- _How to complete this task_
Could you transcribe every record below exactly, leaving out any pictures?

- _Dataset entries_
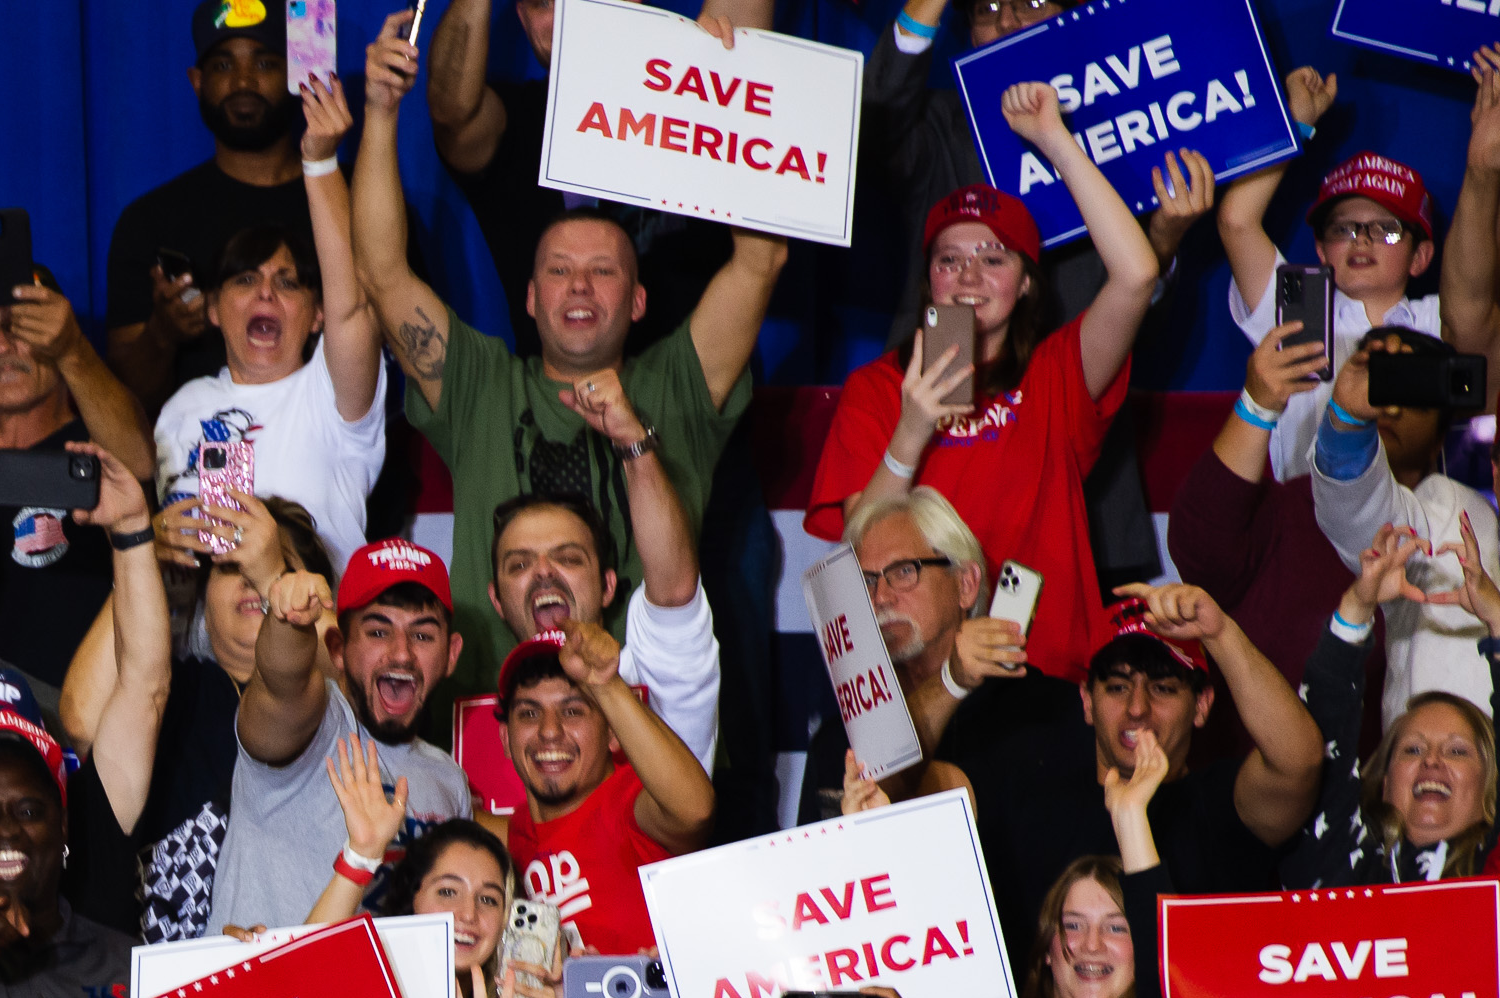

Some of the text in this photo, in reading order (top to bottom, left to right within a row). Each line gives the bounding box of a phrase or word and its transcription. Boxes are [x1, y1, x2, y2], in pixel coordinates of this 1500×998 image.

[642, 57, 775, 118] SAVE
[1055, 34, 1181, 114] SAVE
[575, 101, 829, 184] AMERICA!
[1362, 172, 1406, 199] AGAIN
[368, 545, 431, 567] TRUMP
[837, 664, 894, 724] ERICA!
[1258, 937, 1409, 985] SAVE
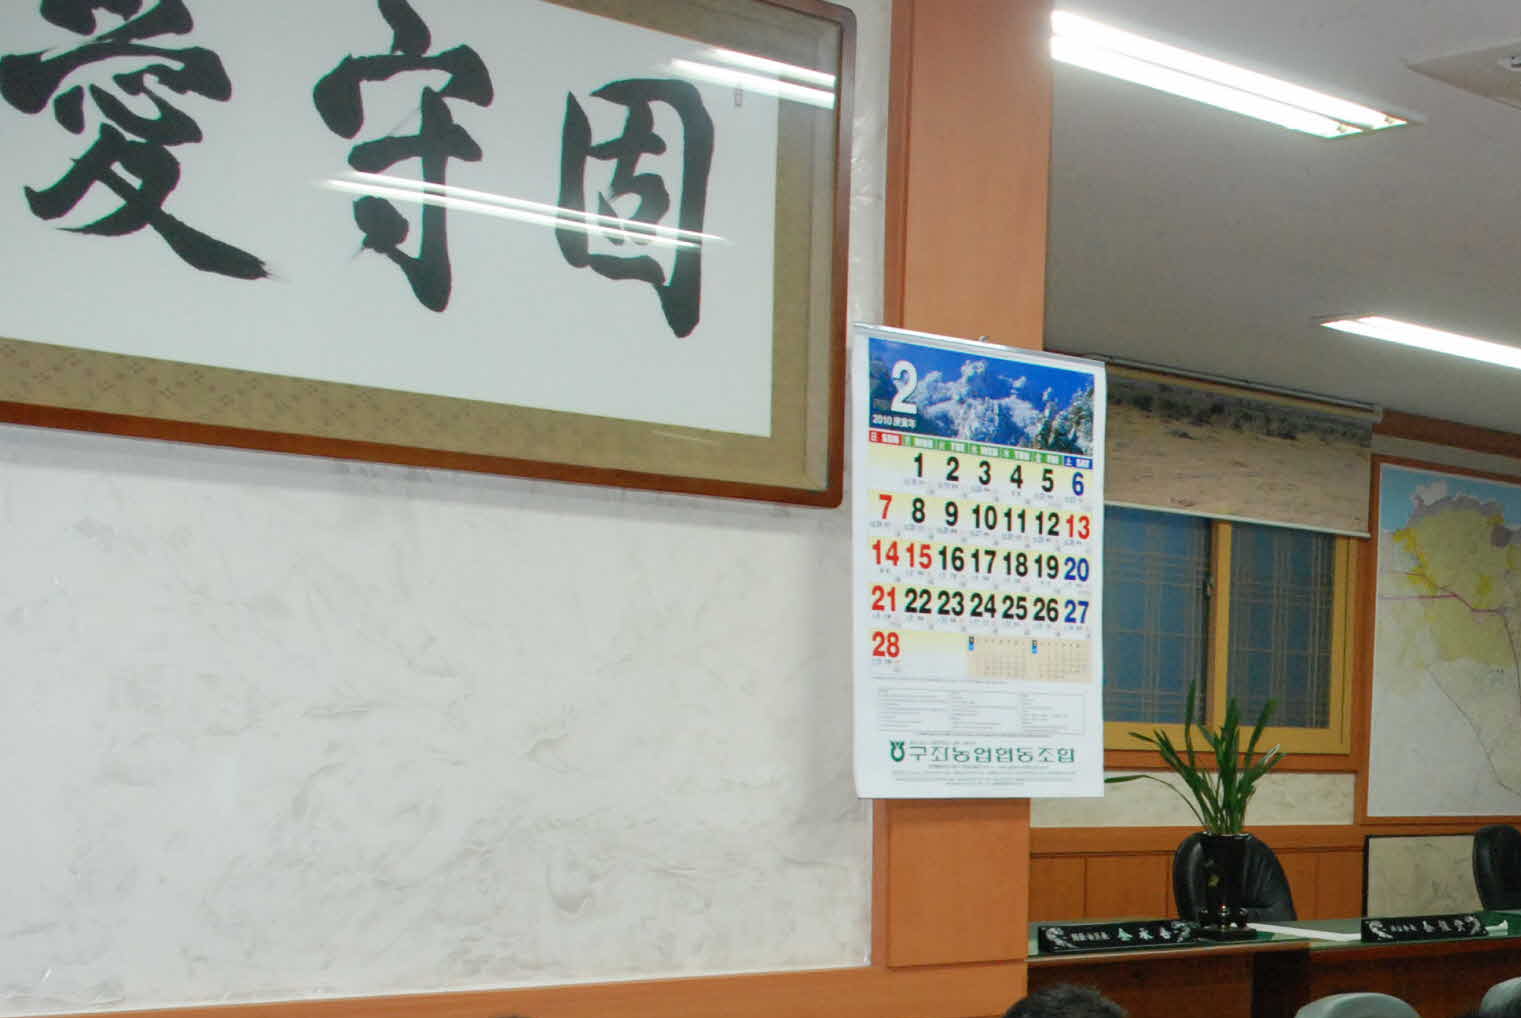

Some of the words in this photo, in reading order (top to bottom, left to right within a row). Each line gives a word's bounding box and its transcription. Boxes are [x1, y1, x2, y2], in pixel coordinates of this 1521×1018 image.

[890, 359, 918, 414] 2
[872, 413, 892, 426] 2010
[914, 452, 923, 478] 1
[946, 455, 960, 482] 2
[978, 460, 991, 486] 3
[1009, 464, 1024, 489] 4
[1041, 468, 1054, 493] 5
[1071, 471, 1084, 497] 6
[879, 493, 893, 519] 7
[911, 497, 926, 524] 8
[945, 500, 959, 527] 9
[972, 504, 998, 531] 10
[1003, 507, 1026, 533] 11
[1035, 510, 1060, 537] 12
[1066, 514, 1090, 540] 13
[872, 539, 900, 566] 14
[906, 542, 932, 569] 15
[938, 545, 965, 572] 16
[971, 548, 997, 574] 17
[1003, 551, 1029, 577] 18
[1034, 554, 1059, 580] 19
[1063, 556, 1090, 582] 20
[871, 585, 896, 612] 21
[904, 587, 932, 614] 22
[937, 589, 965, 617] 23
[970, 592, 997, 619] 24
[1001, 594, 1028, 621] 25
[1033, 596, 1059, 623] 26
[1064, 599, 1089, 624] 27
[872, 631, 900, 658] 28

- _Finished exercise_
Some of the text in this photo, in reading order (top to bottom, left to right within a row). Each line gives the bounding box of a phrase or word and its transcription. Boxes are [x1, y1, x2, y2], in pixel coordinates of this 1500×998 image.

[642, 57, 775, 118] SAVE
[1055, 34, 1181, 114] SAVE
[575, 101, 829, 184] AMERICA!
[1362, 172, 1406, 199] AGAIN
[368, 545, 431, 567] TRUMP
[837, 664, 894, 724] ERICA!
[1258, 937, 1409, 985] SAVE

Some of the words in this photo, in reading order (top to bottom, left to right within a row). Each line gives a word's bounding box and its transcription. Boxes are [x1, y1, x2, y2], in pixel coordinates of this 1521×1018 image.

[890, 359, 918, 414] 2
[872, 413, 892, 426] 2010
[914, 452, 923, 478] 1
[946, 455, 960, 482] 2
[978, 460, 991, 486] 3
[1009, 464, 1024, 489] 4
[1041, 468, 1054, 493] 5
[1071, 471, 1084, 497] 6
[879, 493, 893, 519] 7
[911, 497, 926, 524] 8
[945, 500, 959, 527] 9
[972, 504, 998, 531] 10
[1003, 507, 1026, 533] 11
[1035, 510, 1060, 537] 12
[1066, 514, 1090, 540] 13
[872, 539, 900, 566] 14
[906, 542, 932, 569] 15
[938, 545, 965, 572] 16
[971, 548, 997, 574] 17
[1003, 551, 1029, 577] 18
[1034, 554, 1059, 580] 19
[1063, 556, 1090, 582] 20
[871, 585, 896, 612] 21
[904, 587, 932, 614] 22
[937, 589, 965, 617] 23
[970, 592, 997, 619] 24
[1001, 594, 1028, 621] 25
[1033, 596, 1059, 623] 26
[1064, 599, 1089, 624] 27
[872, 631, 900, 658] 28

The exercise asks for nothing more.